▸ **WHAT IS REQUIRED**:
All of the lines below are to be transcribed faithfully, with pictures excluded from the copy.

Images for object localization:
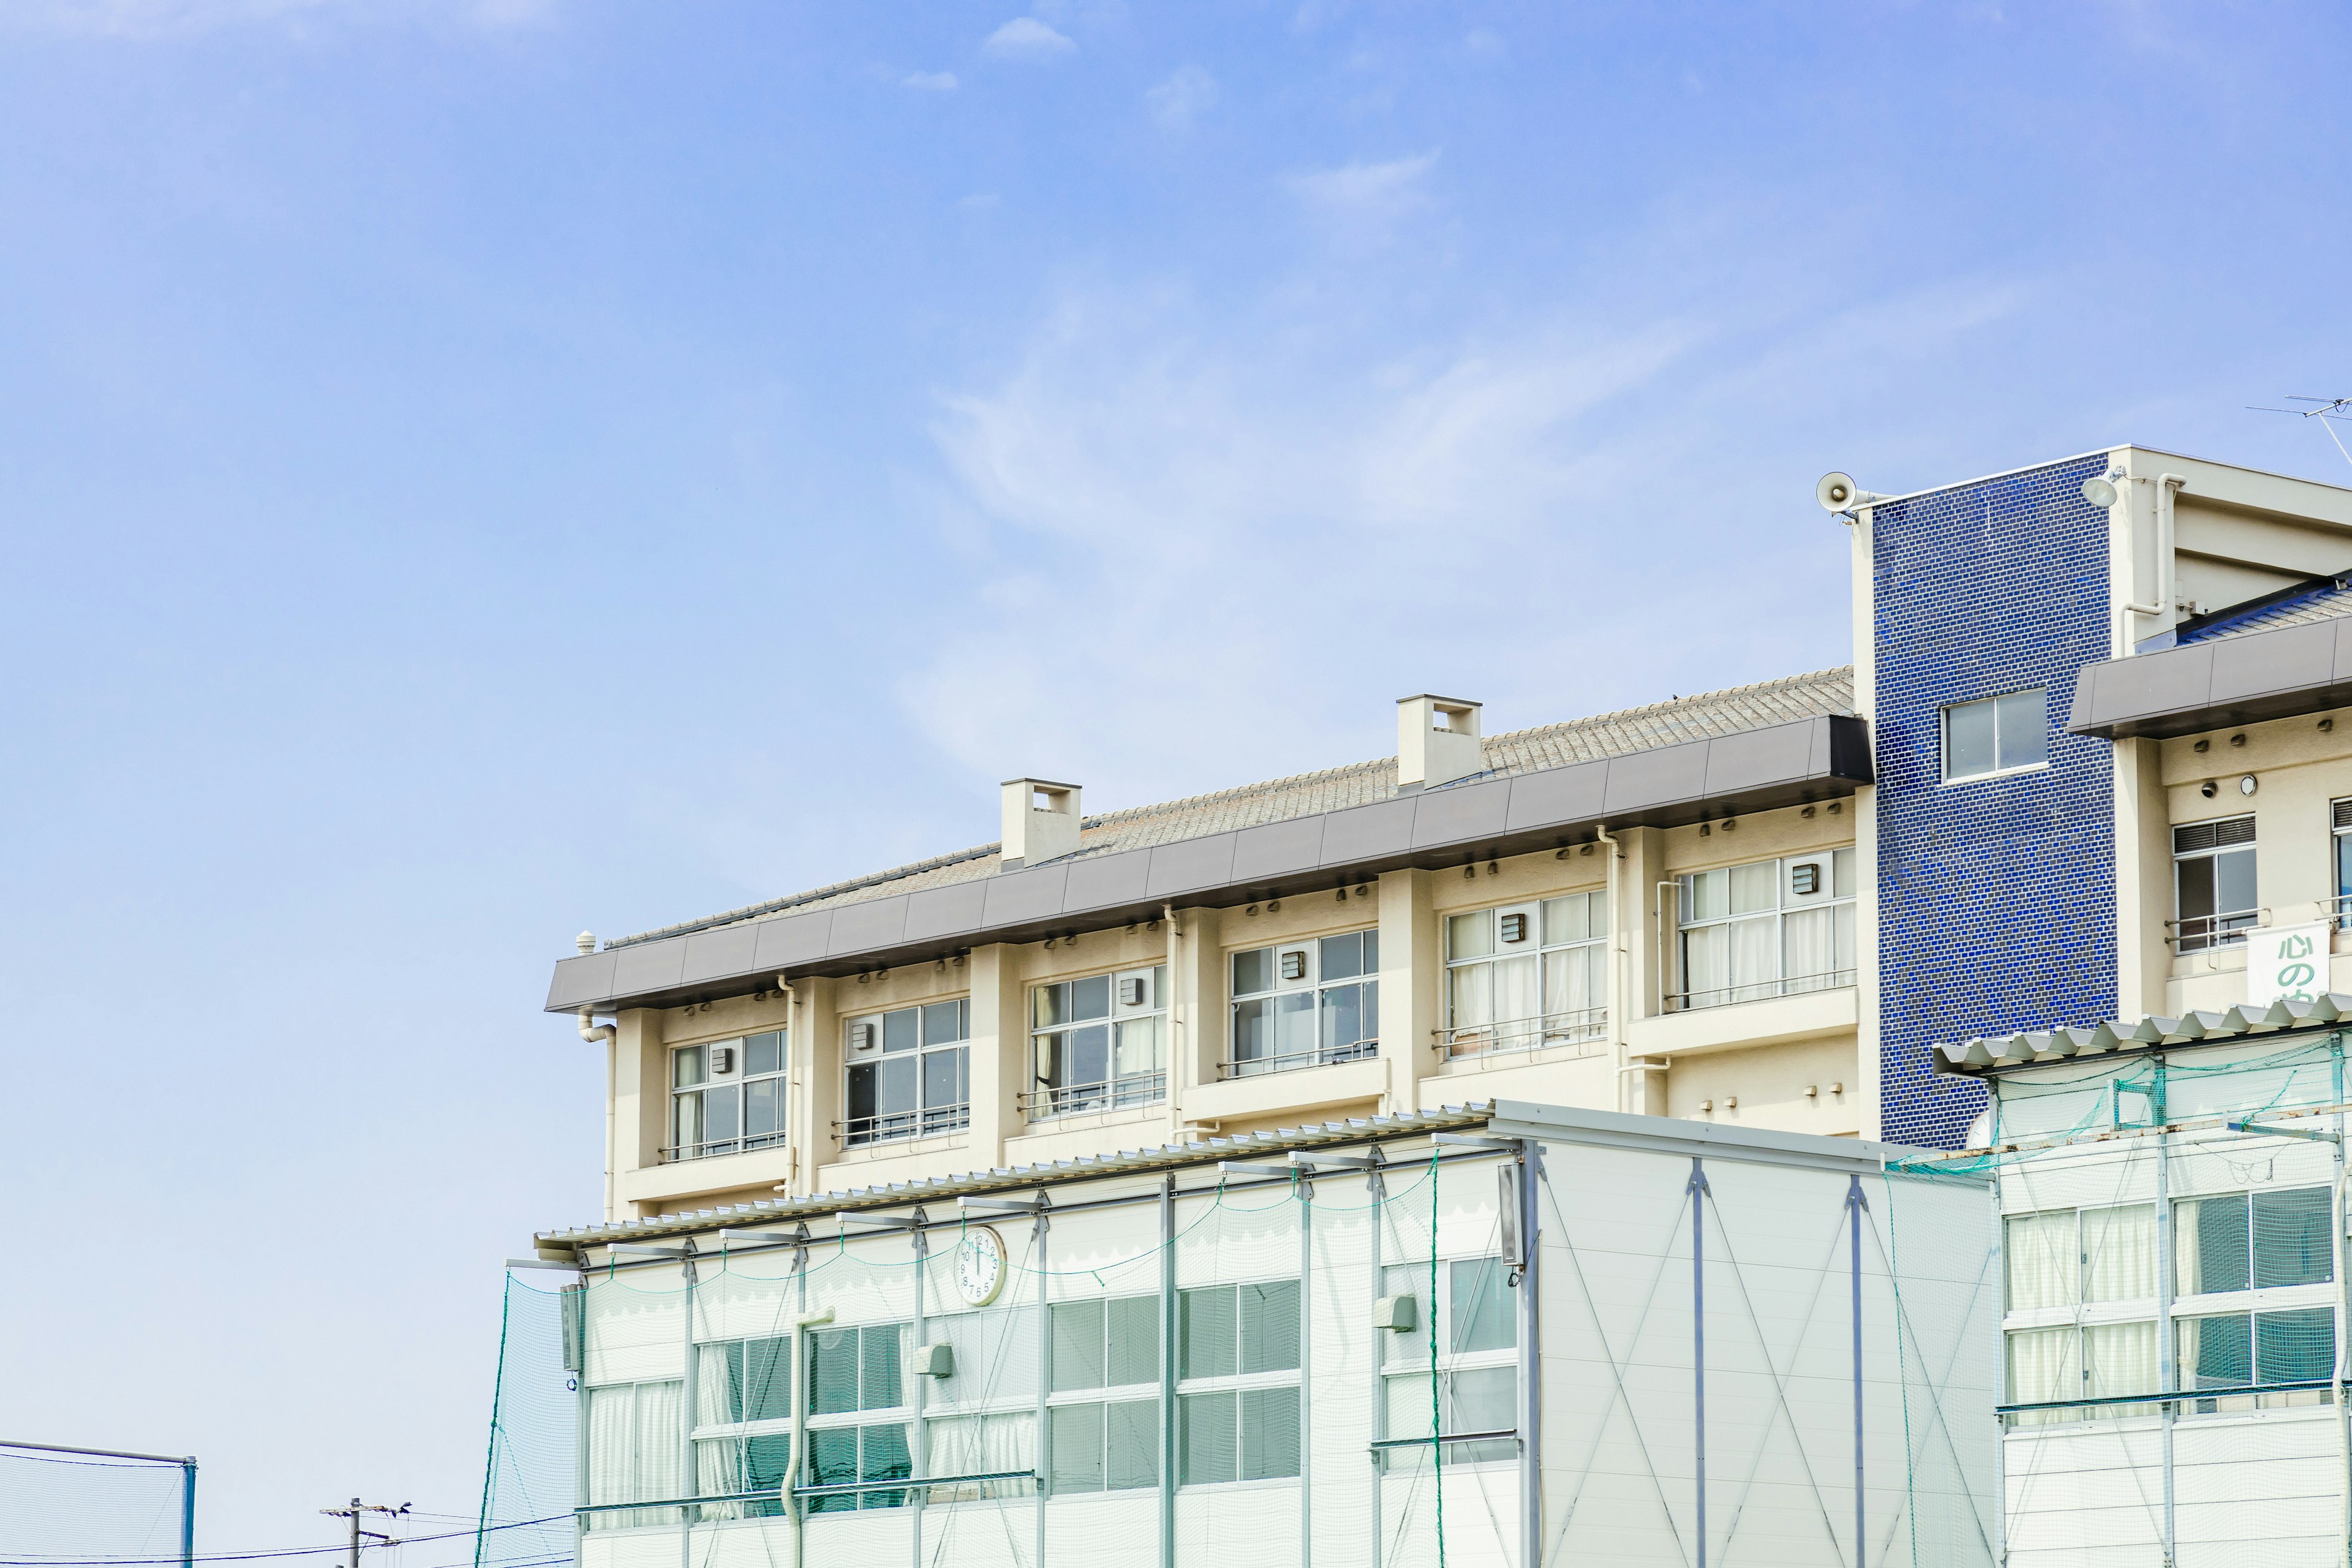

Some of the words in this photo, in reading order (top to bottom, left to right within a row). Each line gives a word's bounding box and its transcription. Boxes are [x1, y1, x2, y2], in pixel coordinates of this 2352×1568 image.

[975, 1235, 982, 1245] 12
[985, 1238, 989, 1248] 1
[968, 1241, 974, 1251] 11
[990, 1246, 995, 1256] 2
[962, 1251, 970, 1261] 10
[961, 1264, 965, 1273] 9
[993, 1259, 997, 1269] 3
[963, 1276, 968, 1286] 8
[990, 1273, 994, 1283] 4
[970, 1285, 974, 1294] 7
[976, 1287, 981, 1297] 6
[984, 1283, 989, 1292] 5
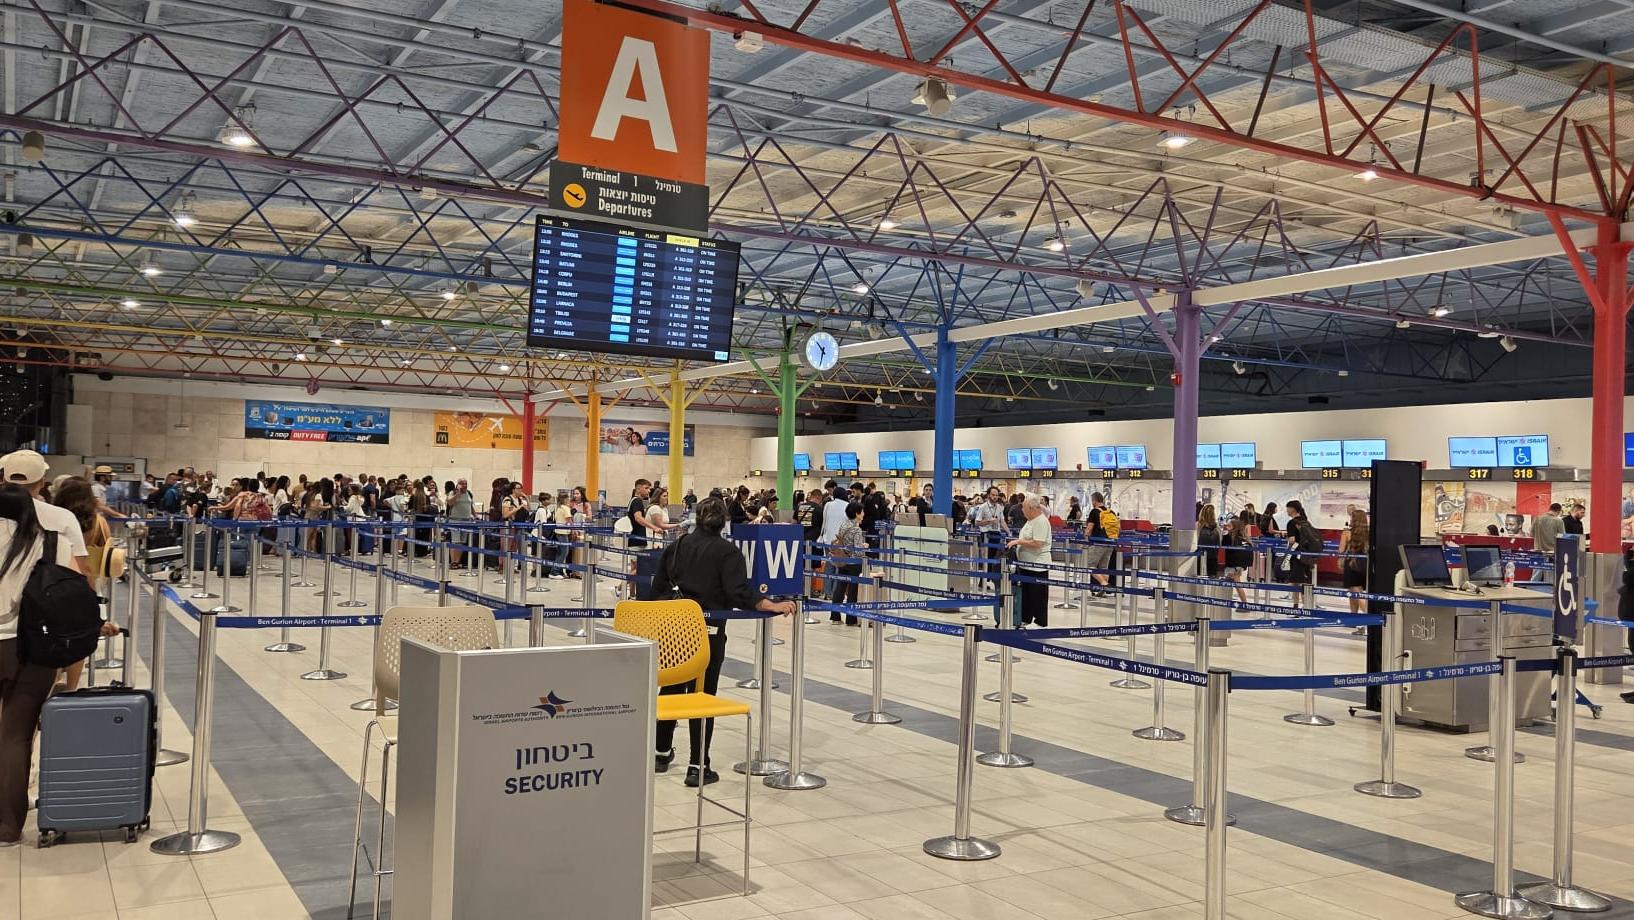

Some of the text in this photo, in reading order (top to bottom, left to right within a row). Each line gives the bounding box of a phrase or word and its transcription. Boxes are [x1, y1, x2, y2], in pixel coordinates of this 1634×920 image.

▸ **EXERCISE RESPONSE**:
Some of the words in this photo, in reading order (top to bottom, left to right within a row). Each line gives a word's bounding box and its transcription. Boxes are [x1, y1, x2, y2], in pixel coordinates of this 2352×1568 image.

[975, 1235, 982, 1245] 12
[985, 1238, 989, 1248] 1
[968, 1241, 974, 1251] 11
[990, 1246, 995, 1256] 2
[962, 1251, 970, 1261] 10
[961, 1264, 965, 1273] 9
[993, 1259, 997, 1269] 3
[963, 1276, 968, 1286] 8
[990, 1273, 994, 1283] 4
[970, 1285, 974, 1294] 7
[976, 1287, 981, 1297] 6
[984, 1283, 989, 1292] 5

Some of the text in this photo, in reading order (top to bottom, left to right within a row). Each line gives the bounding box of a phrase or word and its transcription. Boxes are [x1, y1, x2, y2], in pixel coordinates of this 1634×920 image.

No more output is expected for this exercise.